July 11, 2013 - 00:02 AMT
Boston bombing suspect Tsarnaev pleads not guilty to all charges

Dzhokhar Tsarnaev, accused of killing three Boston Marathon spectators and injuring 260 others in the first deadly terrorist bombing in the U.S. since Sept. 11, 2001, pleaded not guilty to murder charges Wednesday, July 10, Bloomberg reports.

He has been charged with using a weapon of mass destruction in the April 15 blasts that killed three people, including an eight-year-old boy.

The accused could face the death penalty if convicted over what was the worst mass-casualty attack on U.S. soil since September 11, 2001.

Tsarnaev was not in court last month during an indictment hearing, when a federal grand jury agreed that he should be tried on 30 charges. His first court appearance took place at his hospital bedside, where he was recovering from injuries received in a shoot-out with police during the manhunt for the bombers. He was later transferred to a prison hospital near Boston.

The defendant's brother and alleged co-conspirator, 26-year-old Tamerlan Tsarnaev, was killed in that gun battle.

Authorities say the accused ran over his older brother as he fled the shoot-out in a hijacked car.

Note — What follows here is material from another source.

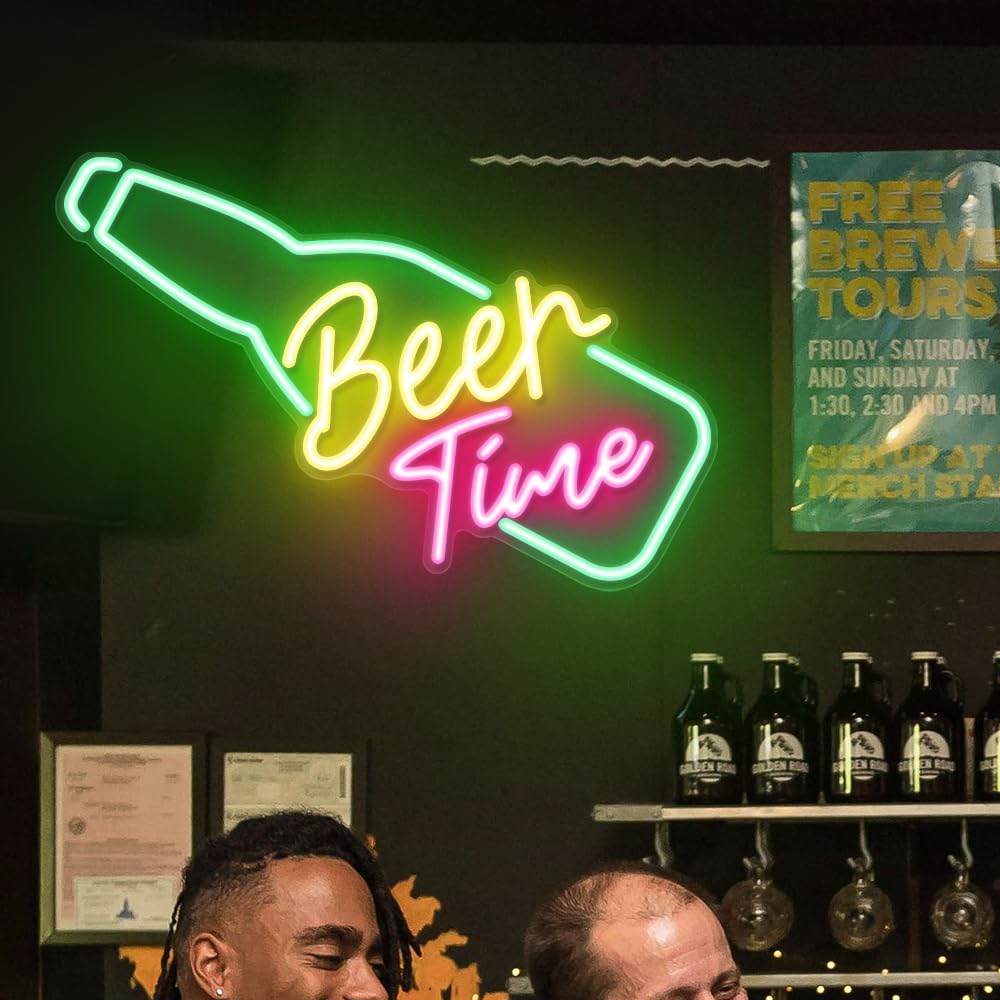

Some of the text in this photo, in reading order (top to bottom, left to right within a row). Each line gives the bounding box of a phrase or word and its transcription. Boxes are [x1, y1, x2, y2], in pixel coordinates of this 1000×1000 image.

Dzhokhar Tsarnaev was found the next day, April 19, hiding in a boat in a residential garden in Watertown, Massachusetts.

According to the indictment, he wrote about his motivations for the bombing on the inside walls and beams of the boat.

Dzhokhar Tsarnaev is also charged with the death of a policeman he and his brother allegedly shot dead as they fled the authorities, and for a carjacking days after the attacks.

The indictment said that he had downloaded internet material from Islamist radicals sometime before the blasts.

According to the charge sheet, the brothers made bombs from pressure cookers, low-explosive powder, ball bearings, nails, adhesive, electronic components and other material.

Dzhokhar Tsarnaev is accused of aiding and abetting his brother by planting and detonating one of the two bombs near the finish line.